Cluster Statistics Collection Guide
This guide provides an overview of the statistics collection system within the Cluster API platform. It explains how statistics are collected, stored, and accessed, as well as how to interpret the data for monitoring your infrastructure.
The Cluster API platform includes a comprehensive statistics collection system that monitors various aspects of your virtual infrastructure, including:
- CPU utilization
- Memory usage
- Storage usage and IOPS
- Network bandwidth
- Instance-specific metrics
- System-wide resource utilization
These statistics are collected in real-time and stored using RRD (Round-Robin Database) files, which provide efficient storage and retrieval of time-series data.
Dashboard Statistics
The dashboard provides a high-level overview of your system's resource utilization:
Resource Usage Overview
The dashboard displays the following key metrics:
- Core Usage: Percentage of CPU cores in use across all nodes
- Memory Usage: Percentage of total memory in use across all nodes
- Storage Usage: Percentage of total storage space in use across all datastores
These metrics help you quickly assess the overall health and capacity of your infrastructure.
Real-time Monitoring
The dashboard also provides real-time monitoring of:
- Total CPU Usage: Average CPU utilization across all physical CPUs
- Total Storage IOPS: Combined read and write operations per second across all storage devices
- Total Bandwidth Usage: Network traffic in and out of the system
These metrics are updated continuously through WebSocket connections, providing immediate visibility into system performance.
Instance Statistics
For each virtual machine instance, the system collects detailed statistics:
CPU Statistics
- Per-vCPU utilization percentage
- Total CPU time consumed by the instance
Disk Statistics
For each virtual disk attached to an instance:
- Read operations per second (IOPS)
- Write operations per second (IOPS)
- Read bandwidth (bytes/sec)
- Write bandwidth (bytes/sec)
Network Statistics
For each network interface:
- Incoming traffic (bytes/sec)
- Outgoing traffic (bytes/sec)
- Packet counts
Memory Statistics
- Memory utilization by the instance
Accessing Statistics
REST API
Statistics can be accessed through the REST API:
- /api/stat_metrics: Get all statistics metrics
- /api/stat_metrics/last10min: Get statistics from the last 10 minutes
- /api/dashboard/usage: Get overall system resource usage
WebSocket Channels
Real-time statistics are available through WebSocket channels:
- onTotalCpuUsage: Real-time CPU usage across the system
- onTotalStorageIops: Real-time storage IOPS across all disks
- onTotalBandwidthUsage: Real-time network bandwidth usage
Statistics Storage
Statistics are stored in several ways:
1. RRD Files: Time-series data is stored in RRD files for efficient storage and retrieval
2. Database Records: Aggregated statistics are stored in the database for historical analysis
3. Archive Tables: Historical statistics are archived for long-term storage and analysis
Understanding Statistics Data
CPU Utilization
CPU utilization is measured as a percentage of available CPU time.
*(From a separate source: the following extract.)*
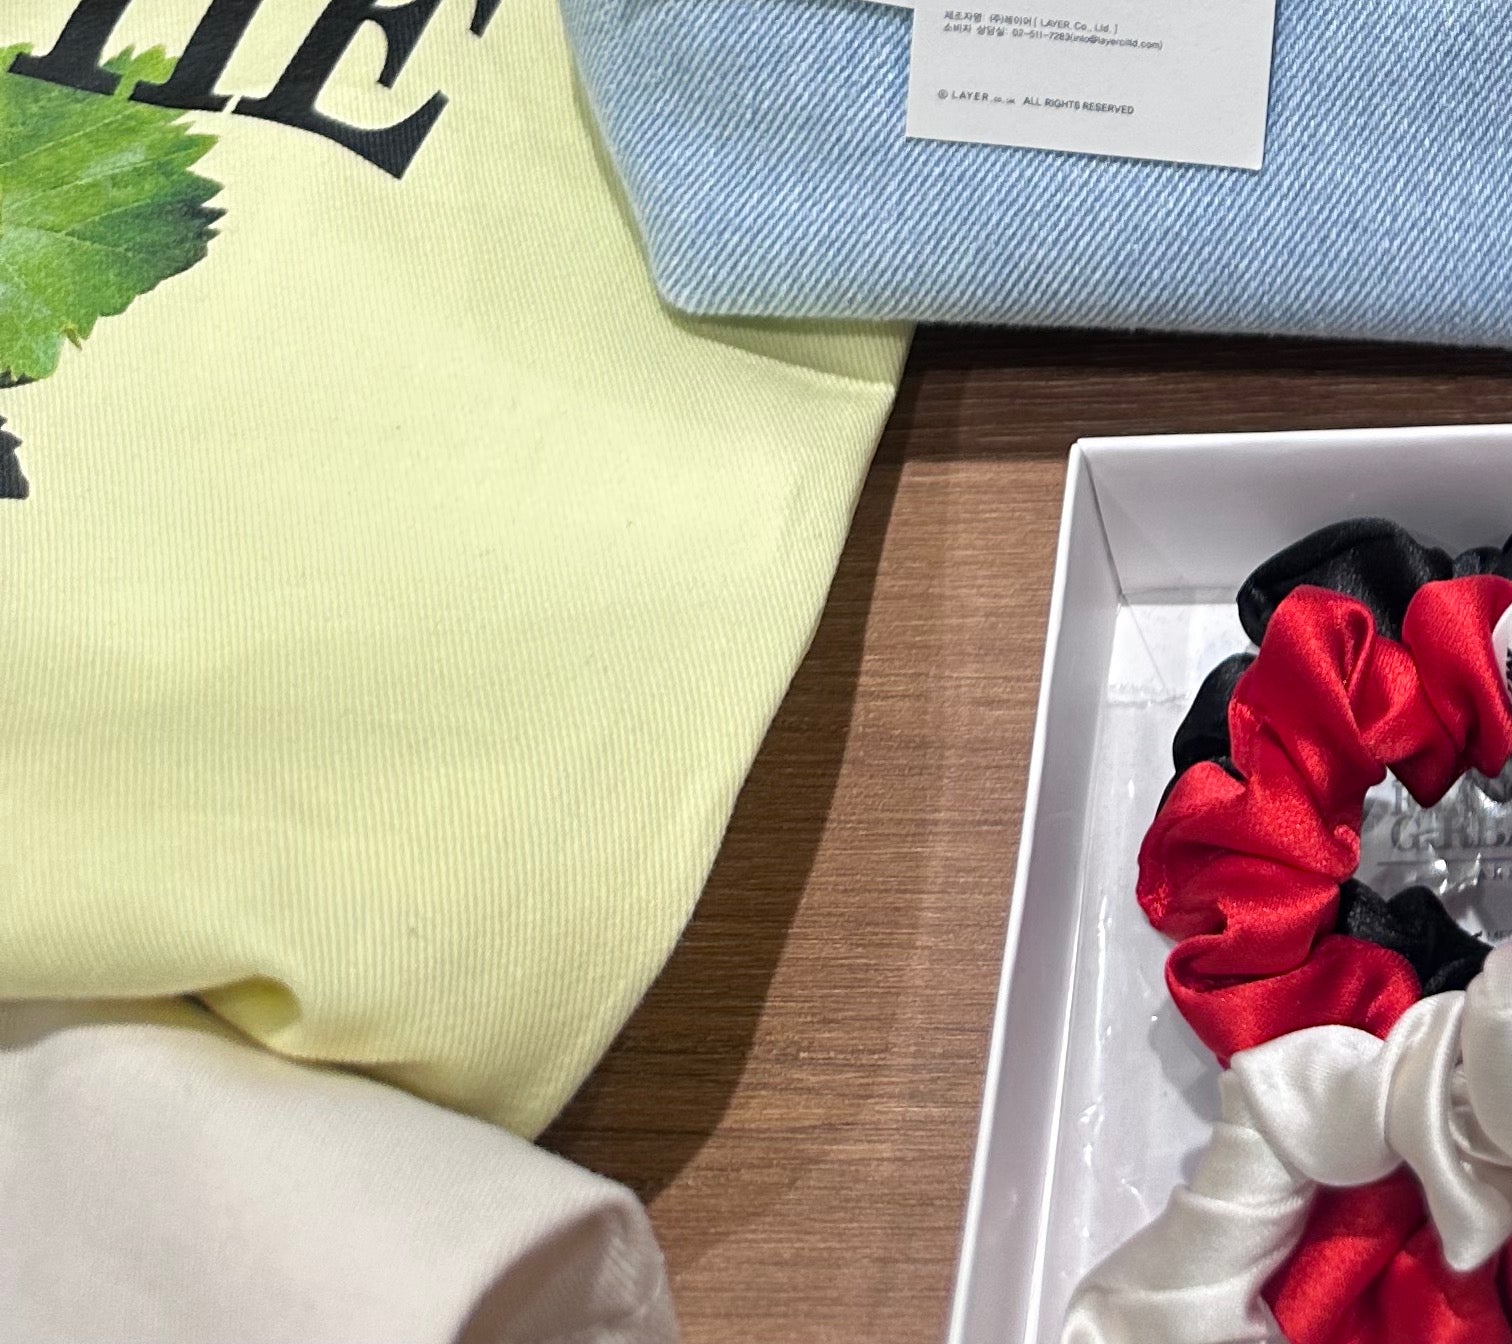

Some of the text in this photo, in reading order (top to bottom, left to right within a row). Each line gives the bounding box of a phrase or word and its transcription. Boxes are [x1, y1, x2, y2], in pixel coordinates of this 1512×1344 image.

For virtual CPUs (vCPUs), this represents the percentage of the allocated vCPU that is being used. For physical CPUs, this represents the percentage of the physical CPU that is being used.
Storage IOPS
Storage IOPS (Input/Output Operations Per Second) measures the number of read and write operations performed on a storage device per second. Higher IOPS generally indicates higher storage activity.
Network Bandwidth
Network bandwidth is measured in bytes per second and represents the amount of data being transferred over the network. This is split into incoming traffic (data received) and outgoing traffic (data sent).
Advanced Usage
Time Range Analysis
You can analyze statistics for specific time ranges:
GET /api/stat_metrics?start=2023-01-01T00:00:00Z&end=2023-01-02T00:00:00Z
Instance-Specific Analysis
For detailed analysis of a specific instance:
GET /api/instances/{instance_id}/stats